Long lines are back at Apple retail sites for iPhone X

Long lines formed outside Apple Inc. stores around the world, a sign of strong demand from consumers waiting for the company’s 10th anniversary iPhone X, which goes on sale Friday.

Beginning Thursday night, crowds surrounded Apple’s retail stores in Singapore, Japan, and Australia, recalling the throngs that formed on the first day of iPhone sales on June 29, 2007. One big difference is the price: the iPhone X starts at $999, double the $499 entry-level price of the first version.

Videos and photos published on Twitter showed security guards sectioning off those waiting in line outside Apple’s Orchard Road store in Singapore. In Sydney, fans set up lawn chairs while others sold their spots in line just hours before the phone was scheduled to go on sale in the region. Lines outside Tokyo’s Ginza Apple Store snaked down more than two blocks.

Mazen Kourouche was among the first to get the iPhone X on Friday at the Apple Store in Sydney, which opened at 8 a.m. local time, an hour earlier than usual. The 20-year-old software engineering student, who pre-ordered the X, said he upgrades his iPhone every year.

“The whole size and the screen and the new dimension of it, that’s the most beneficial feature for me,” Kourouche said. “It’s a full screen, edge to edge, it looks nice.”

At the Apple store in Tokyo, Iori Watanabe and his brother arrived two days early to be the first ones in a line of more than 500 people. Watanabe, a 21-year-old who works at camera maker Olympus Corp., said he wanted to replace his iPhone 5 and was most interested in the new phone for its screen and facial-recognition technology.

Apple is known for creating hype around each new iPhone launch. But in recent years, online pre-orders and other buying options reduced store lines. This year, Apple has marketed the iPhone X heavily, and new features like facial recognition and the edge-to-edge screen are stoking demand.

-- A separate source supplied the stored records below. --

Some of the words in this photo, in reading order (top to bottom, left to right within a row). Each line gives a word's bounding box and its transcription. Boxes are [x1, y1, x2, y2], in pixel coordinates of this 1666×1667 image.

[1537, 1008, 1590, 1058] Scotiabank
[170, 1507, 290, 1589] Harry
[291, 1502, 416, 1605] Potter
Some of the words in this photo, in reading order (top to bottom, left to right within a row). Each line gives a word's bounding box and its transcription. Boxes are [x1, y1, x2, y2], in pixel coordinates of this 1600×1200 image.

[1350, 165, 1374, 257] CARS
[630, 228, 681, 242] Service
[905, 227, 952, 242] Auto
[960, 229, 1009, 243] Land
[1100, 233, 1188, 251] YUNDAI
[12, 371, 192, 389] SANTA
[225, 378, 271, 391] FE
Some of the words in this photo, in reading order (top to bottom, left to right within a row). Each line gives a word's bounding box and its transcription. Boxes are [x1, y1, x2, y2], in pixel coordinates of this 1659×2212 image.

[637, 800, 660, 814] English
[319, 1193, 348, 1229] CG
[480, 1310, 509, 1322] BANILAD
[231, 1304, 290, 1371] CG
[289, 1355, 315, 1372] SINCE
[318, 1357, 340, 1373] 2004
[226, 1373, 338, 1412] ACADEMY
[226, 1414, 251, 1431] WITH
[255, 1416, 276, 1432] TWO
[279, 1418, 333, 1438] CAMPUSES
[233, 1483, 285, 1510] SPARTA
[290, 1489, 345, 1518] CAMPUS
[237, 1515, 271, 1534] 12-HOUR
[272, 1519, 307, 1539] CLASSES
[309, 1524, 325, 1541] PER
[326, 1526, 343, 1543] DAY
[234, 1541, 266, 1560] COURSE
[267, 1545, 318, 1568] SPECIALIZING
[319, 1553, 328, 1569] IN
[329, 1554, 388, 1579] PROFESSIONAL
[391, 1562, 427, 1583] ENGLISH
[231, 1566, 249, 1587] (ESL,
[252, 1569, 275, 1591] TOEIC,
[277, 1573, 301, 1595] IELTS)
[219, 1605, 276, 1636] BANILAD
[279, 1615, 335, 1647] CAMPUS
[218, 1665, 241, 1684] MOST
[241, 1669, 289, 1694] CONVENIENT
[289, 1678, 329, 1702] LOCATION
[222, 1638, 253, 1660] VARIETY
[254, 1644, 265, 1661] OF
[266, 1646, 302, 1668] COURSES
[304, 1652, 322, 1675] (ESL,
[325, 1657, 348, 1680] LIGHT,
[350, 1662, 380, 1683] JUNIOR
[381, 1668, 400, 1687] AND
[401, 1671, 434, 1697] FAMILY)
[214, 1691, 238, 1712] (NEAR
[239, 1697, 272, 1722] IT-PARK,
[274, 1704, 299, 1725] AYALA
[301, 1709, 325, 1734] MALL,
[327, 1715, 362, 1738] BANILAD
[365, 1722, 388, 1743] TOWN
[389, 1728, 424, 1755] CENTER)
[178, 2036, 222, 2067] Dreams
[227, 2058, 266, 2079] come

Concern about limited initial supplies of the phone may also have drawn shoppers to Apple stores on launch day. In an announcement last month, Apple encouraged those without reservations to “arrive early,” an indication of its anticipated crowds. CEO Tim Cook said Thursday that demand for the iPhone X was “very, very strong,” without being more specific.

Apple stopped reporting opening weekend iPhone sales with the iPhone 7, citing demand that far outstripped supply. However, the company hasn’t indicated if it will follow that trend with the iPhone X (it didn’t report opening weekend numbers for the iPhone 8 last month). The company’s strongest weekend launch was the iPhone 6s and iPhone 6s Plus in 2015, which saw more than 13 million units sold over the initial days.

In the past few weeks, Apple started video advertisements, put posters on the walls of its retail store chain, and has replaced its web homepage with pictures of the sleek, new device.

When the phone became available online last week for pre-orders, people around the world went to drastic measures to secure one, staying up all night armed with multiple devices ready to place an order at midnight California time. Many were disappointed when they found that instead of receiving their phone Nov. 3, they’d have to wait in to December, as the initial stock sold out in most major cities within half an hour.

Those hoping for a second-chance, by walking in to an Apple store on Friday, face lines the likes of which haven’t been seen in many years. But some online customers got good news: Some orders originally scheduled for delivery in the middle of November are seeing shipment notifications indicating that their devices will arrive early next week.

Waiting times for new iPhone X orders also improved on Thursday, with the shipping time changing to three-to-four weeks from five-to-six weeks on Apple’s online stores in the U.K., Singapore, New Zealand, Japan, Germany, Italy, France, Australia, and Greater China. Shipping times remain five-to-six weeks in the U.S. and Canada, while Hong Kong still lists online orders as “unavailable.”